• WORK INSTRUCTION
Return all the data verbatim but without images.

• Saved data entries
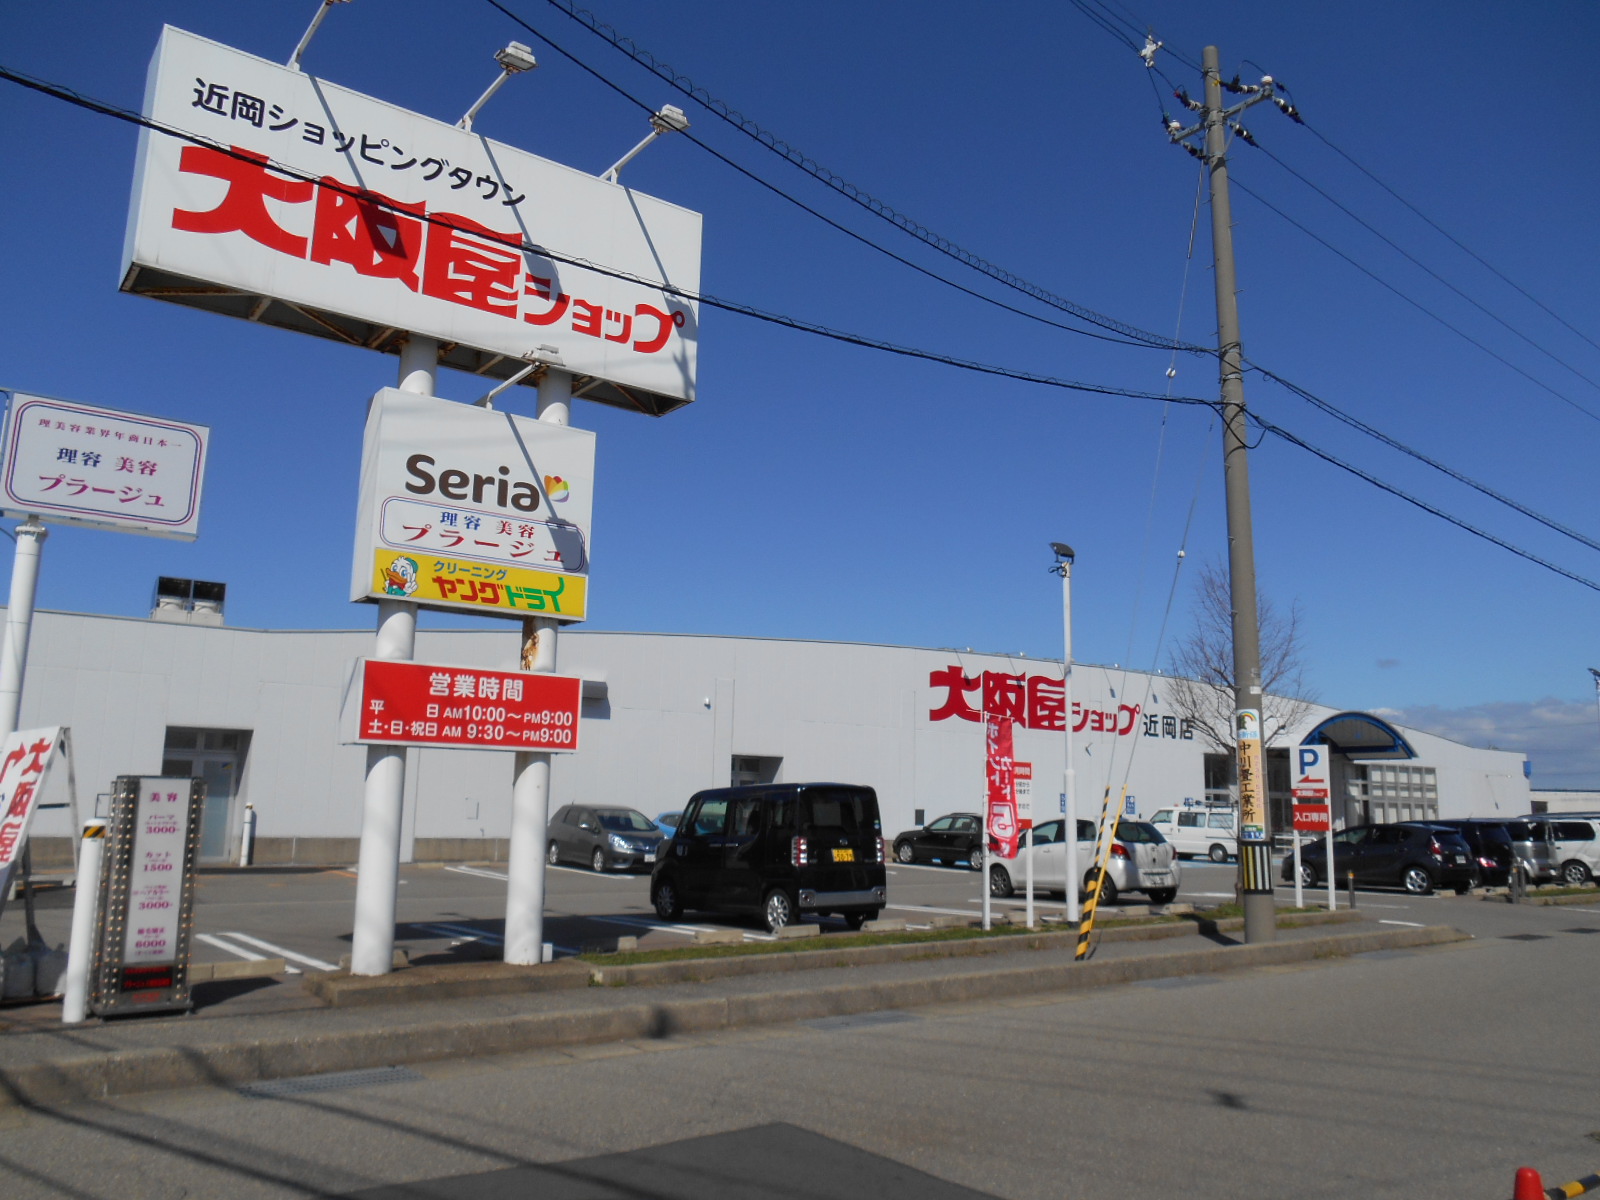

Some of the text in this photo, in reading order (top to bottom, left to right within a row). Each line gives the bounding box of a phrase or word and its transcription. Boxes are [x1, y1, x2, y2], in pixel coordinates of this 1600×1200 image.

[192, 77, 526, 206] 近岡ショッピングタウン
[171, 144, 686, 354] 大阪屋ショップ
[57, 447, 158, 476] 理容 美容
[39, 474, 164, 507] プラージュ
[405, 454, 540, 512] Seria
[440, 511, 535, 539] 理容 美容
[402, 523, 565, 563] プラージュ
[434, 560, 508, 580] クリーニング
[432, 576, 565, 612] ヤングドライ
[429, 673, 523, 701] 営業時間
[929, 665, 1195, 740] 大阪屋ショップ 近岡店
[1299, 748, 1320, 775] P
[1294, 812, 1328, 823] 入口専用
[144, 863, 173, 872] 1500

• EXERCISE RESULT
Some of the text in this photo, in reading order (top to bottom, left to right within a row). Each line gives the bounding box of a phrase or word and its transcription. Boxes are [x1, y1, x2, y2], in pixel coordinates of this 1600×1200 image.

[192, 77, 526, 206] 近岡ショッピングタウン
[171, 144, 686, 354] 大阪屋ショップ
[57, 447, 158, 476] 理容 美容
[39, 474, 164, 507] プラージュ
[405, 454, 540, 512] Seria
[440, 511, 535, 539] 理容 美容
[402, 523, 565, 563] プラージュ
[434, 560, 508, 580] クリーニング
[432, 576, 565, 612] ヤングドライ
[429, 673, 523, 701] 営業時間
[929, 665, 1195, 740] 大阪屋ショップ 近岡店
[1299, 748, 1320, 775] P
[1294, 812, 1328, 823] 入口専用
[144, 863, 173, 872] 1500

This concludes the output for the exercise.